Since the pictures are not wanted, reproduce only the rest of the records, exactly as given.

Content starts

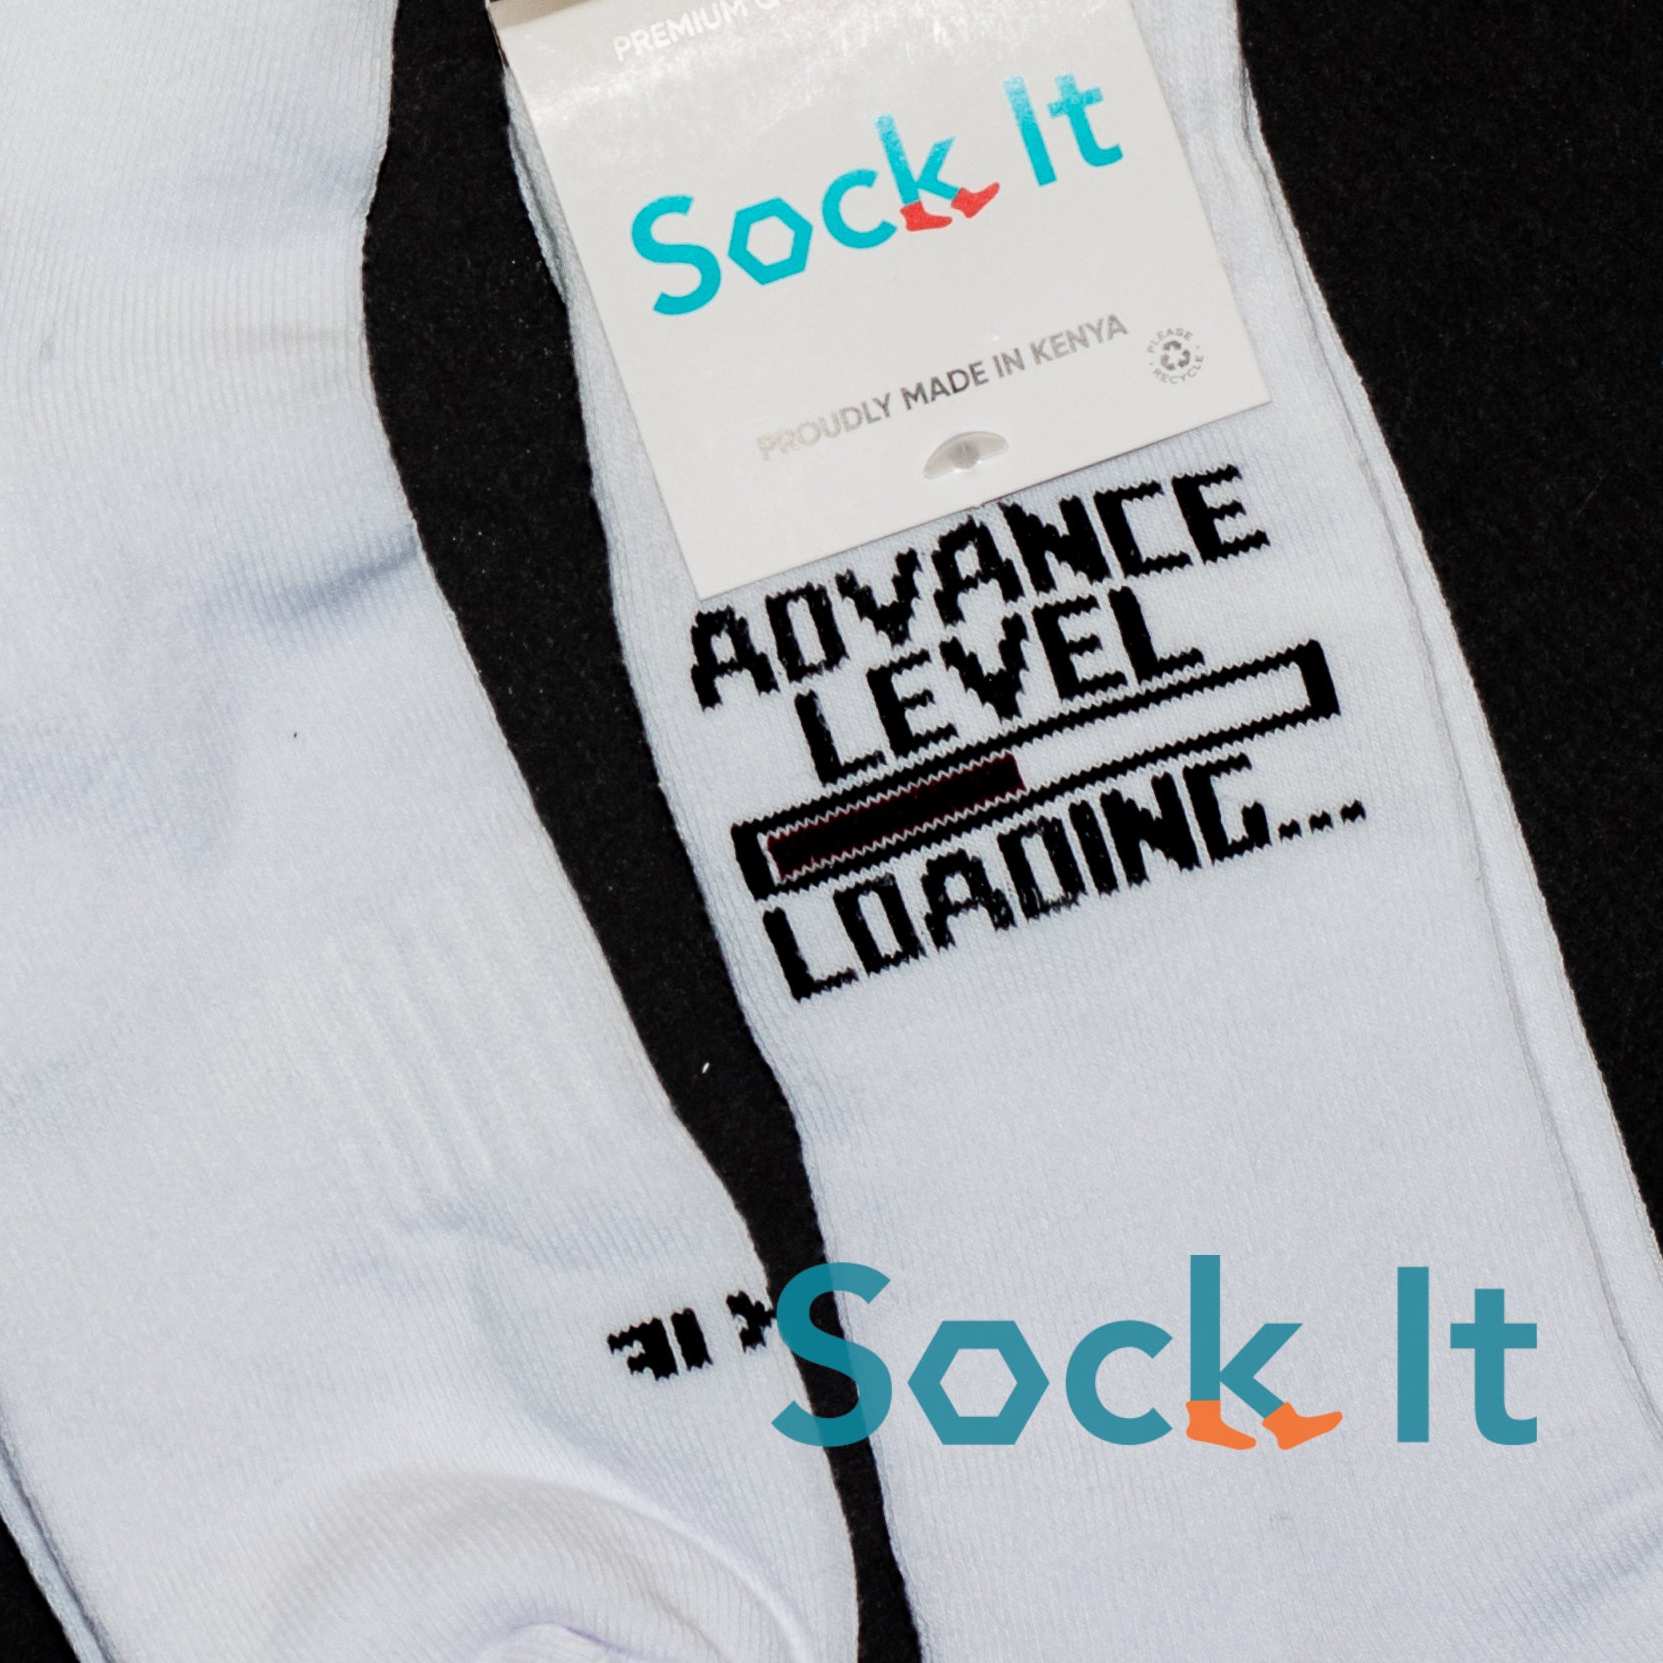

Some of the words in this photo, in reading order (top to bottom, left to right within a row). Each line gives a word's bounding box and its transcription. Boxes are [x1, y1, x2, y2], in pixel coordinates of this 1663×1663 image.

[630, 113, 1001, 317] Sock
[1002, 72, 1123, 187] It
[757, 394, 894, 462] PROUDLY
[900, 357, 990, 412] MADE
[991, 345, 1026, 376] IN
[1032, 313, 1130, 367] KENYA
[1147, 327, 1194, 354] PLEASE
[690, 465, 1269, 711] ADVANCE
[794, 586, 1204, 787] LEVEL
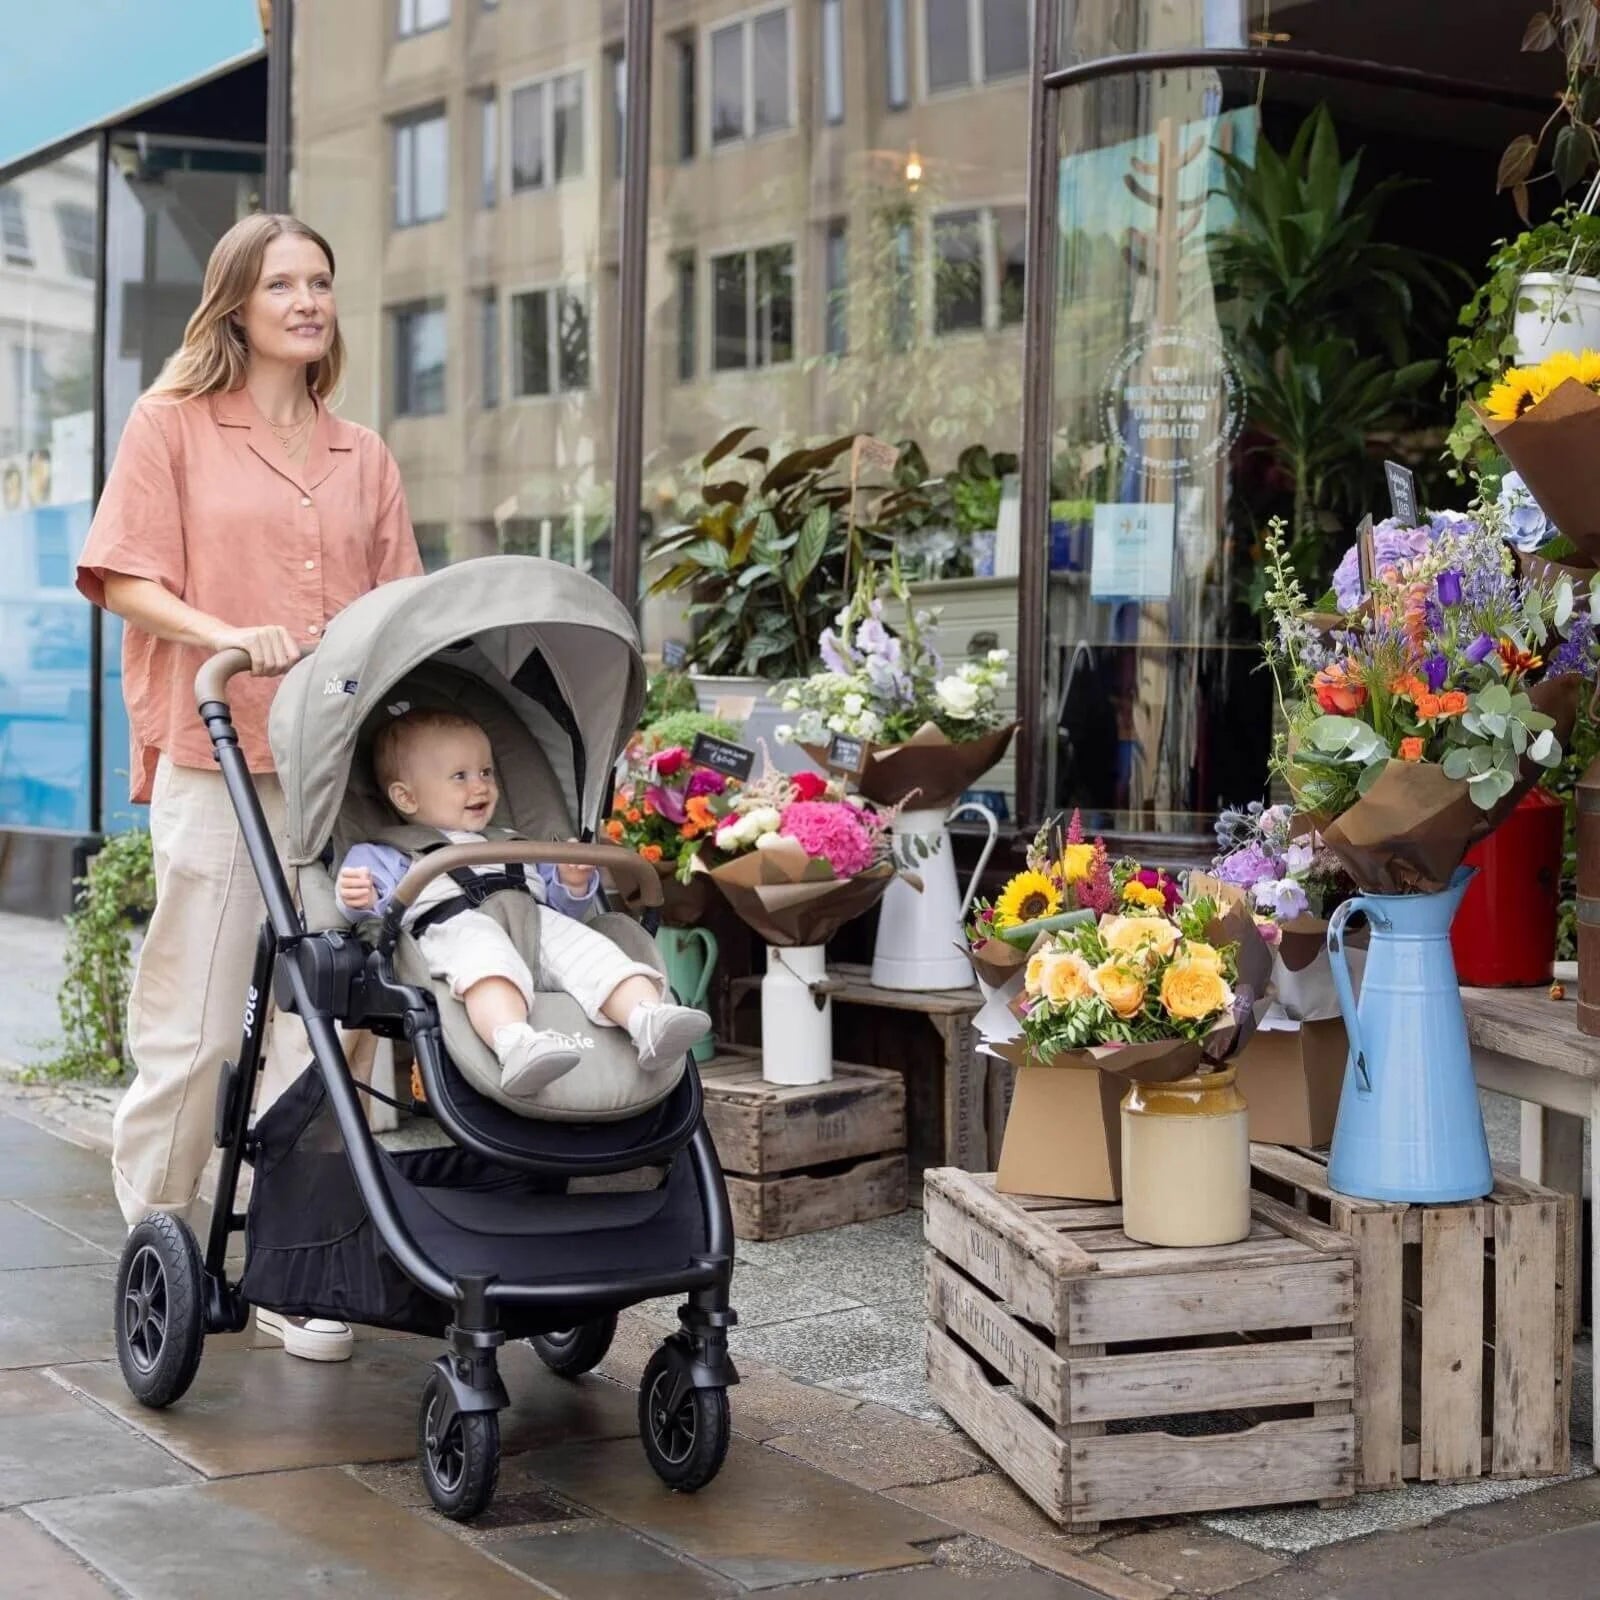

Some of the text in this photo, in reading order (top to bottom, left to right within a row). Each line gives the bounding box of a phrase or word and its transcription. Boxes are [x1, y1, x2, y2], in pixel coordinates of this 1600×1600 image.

Content ends

Reply to the exercise
Some of the words in this photo, in reading order (top to bottom, left to right within a row). Each line gives a word's bounding box and its transcription. Boxes are [x1, y1, x2, y2], in pixel coordinates of this 1663×1663 image.

[630, 113, 1001, 317] Sock
[1002, 72, 1123, 187] It
[757, 394, 894, 462] PROUDLY
[900, 357, 990, 412] MADE
[991, 345, 1026, 376] IN
[1032, 313, 1130, 367] KENYA
[1147, 327, 1194, 354] PLEASE
[690, 465, 1269, 711] ADVANCE
[794, 586, 1204, 787] LEVEL

Some of the text in this photo, in reading order (top to bottom, left to right within a row). Each line gives the bounding box of a phrase or word and its transcription. Boxes are [x1, y1, x2, y2], in pixel coordinates of this 1600×1600 image.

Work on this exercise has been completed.